As members of our generation are choosing flawed models like open and polyamorous relationships over traditional partnerships, we are, at the same time, seeing a rise in fixation on power couples – or at least, that’s what I’m witnessing from my peer group. Young people always want to see change in society, and there’s not much left that our generation has to fight for. Maybe that’s why we’re tearing apart the social fabric of gender and relationships, because we just want to leave our own mark on history, and this is the easiest way we can do it. Like how a suicide bomber explodes.
By nature, we all want to be loved. Really it’s more of a necessity than a desire. Babies die if they’re not touched. Lonely people live shorter lives that aren’t as worth living as people who have a partner and kids to grow old with. Humans are animals, plain and simple. Being inherently monogamous is not restricted to Catholics, and to tell yourself otherwise can only be an attempt to conform to a lifestyle that doesn’t feel natural to you, for the sake of appearances and your role in a community. E.g. the ‘poly power couple.’ Or the ‘free-spirited non-monog’. Or because you’re insecure and afraid of the commitment that a long term relationship requires.
In the day and age of technology and hiring people to fix things and perform difficult labour duties for you, and grocery stores and fast food, and online shopping, we’re getting more and more used to getting things easily. The plain and simple truth of relationships is that they’re not, and our generation is getting really good at jumping ship the moment anything goes wrong. “It’s convenient to skip away a lucky penny rather than invest it.” Our parents – and their parents – didn’t set great examples for us either. More than half of relationships right now are ending in divorce, and that can’t all be because ‘marriage is a flawed premise.’ Our parents who were married two or three or four times set poor examples for us in showing us that marriage is a temporary thing that can be torn apart at any time.
Now, the disturbing thing about these breakups that are happening around me is that most of them are pretty solid relationships (fifty years ago, these people would be getting married) that are ending for no real reasons. Reasons including: ‘I wasn’t getting anything new out of the relationship,’ and ‘we were together for so long I didn’t know who I was without the other person anymore,’ which are self-serving and weak copouts.
Now that I am looking at the possibility of losing the person who I spent the last two years thinking I was going to be with forever, who am settled with, I think the second one especially is an absurd reason to end a relationship. If you have grown so close to somebody that they become a part of you and your identity, that is a beautiful thing, something worth fighting to preserve. I’ve grown more as a member of this partnership than I have at any point in my single life. Not in spite of it; because of it.
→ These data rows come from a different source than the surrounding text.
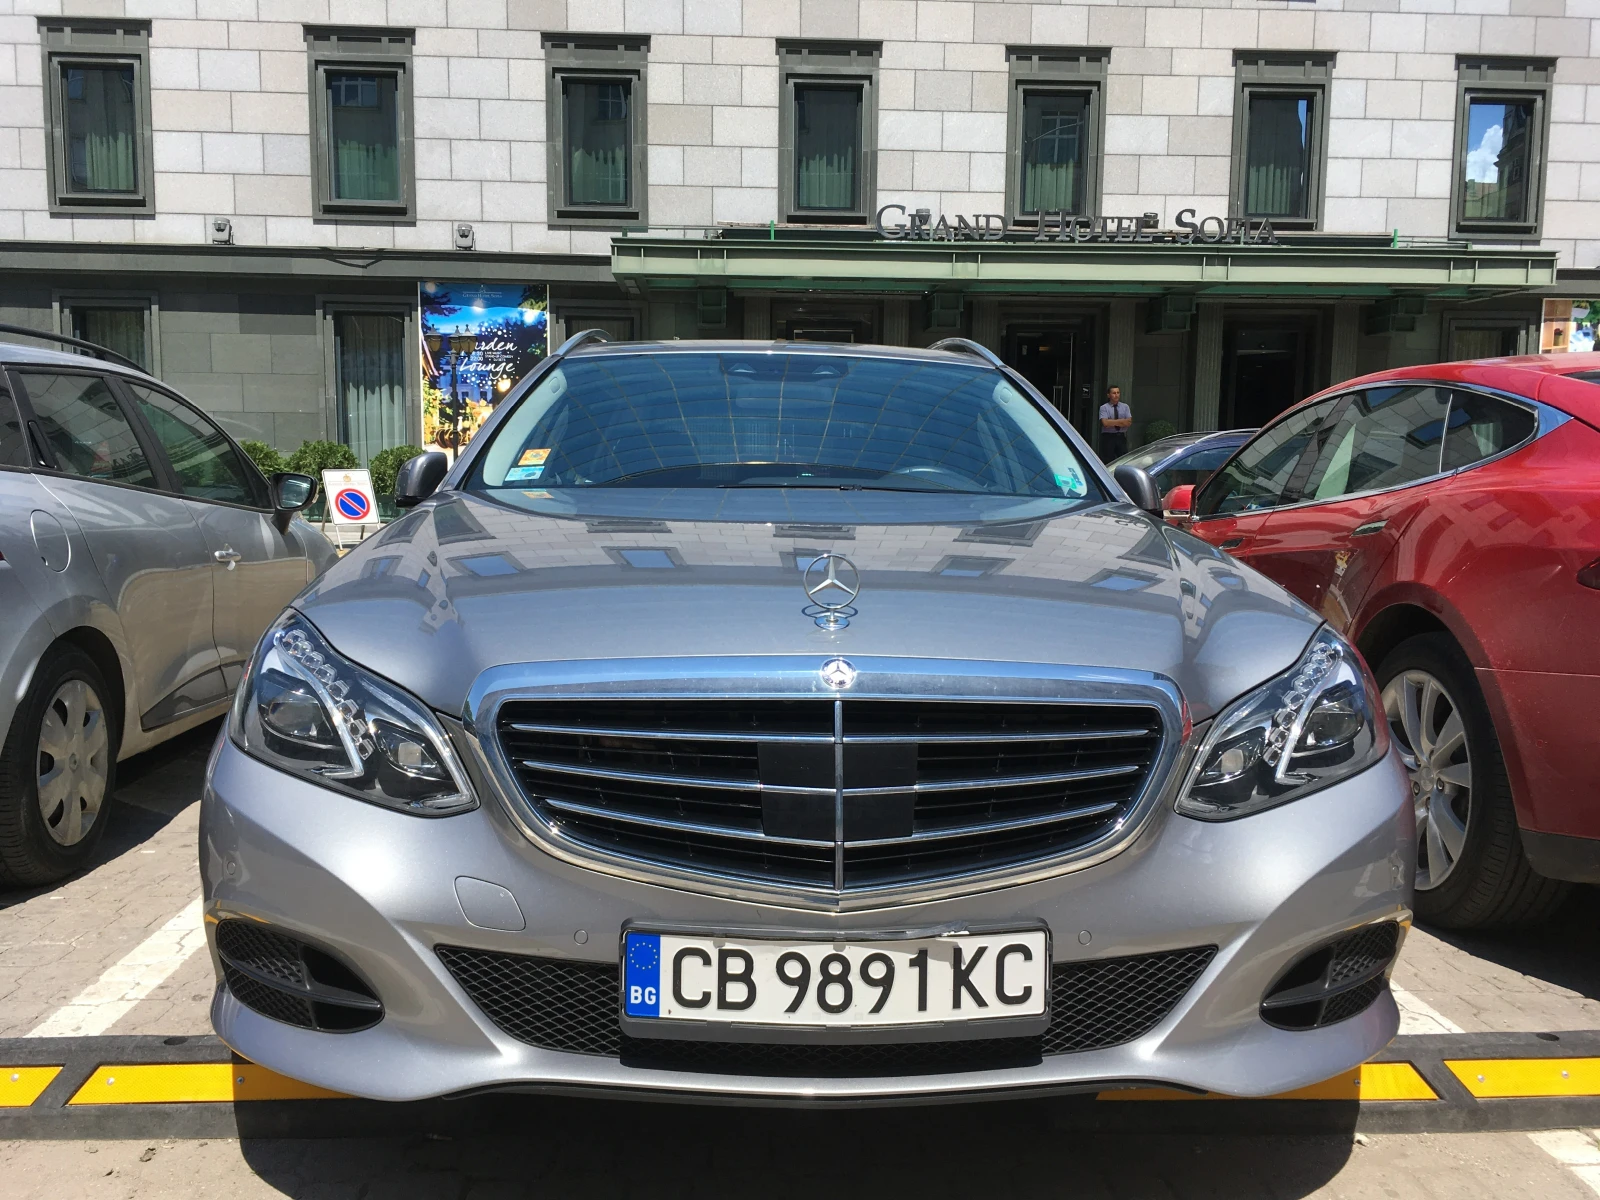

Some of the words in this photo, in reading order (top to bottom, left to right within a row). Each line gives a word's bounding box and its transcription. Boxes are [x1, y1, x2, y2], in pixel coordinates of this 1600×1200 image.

[875, 204, 1008, 240] GRAND
[1034, 208, 1153, 242] HOTEL
[1175, 208, 1279, 243] SOFIA
[459, 357, 516, 380] Lounge
[630, 986, 657, 1005] BG
[775, 948, 929, 1014] 9891
I’m also hearing my peers say things like ‘you should be just as happy single as you should be in a relationship.’ Your partner should be somebody who makes your life better and more meaningful. If your partner doesn’t make you happier than being alone, then something is fundamentally wrong with your relationship. You can’t blame your partner for your own lack of self-security. You and your partner should each have your own values, and bring them together to create a new life around them.
There’s a biological component to settling down young too. When you delay having children because you’re searching for your ‘perfect partner,’ you won’t have children early enough in life to give them their best life – or maybe you’ll miss out entirely. I’ll get into this next time.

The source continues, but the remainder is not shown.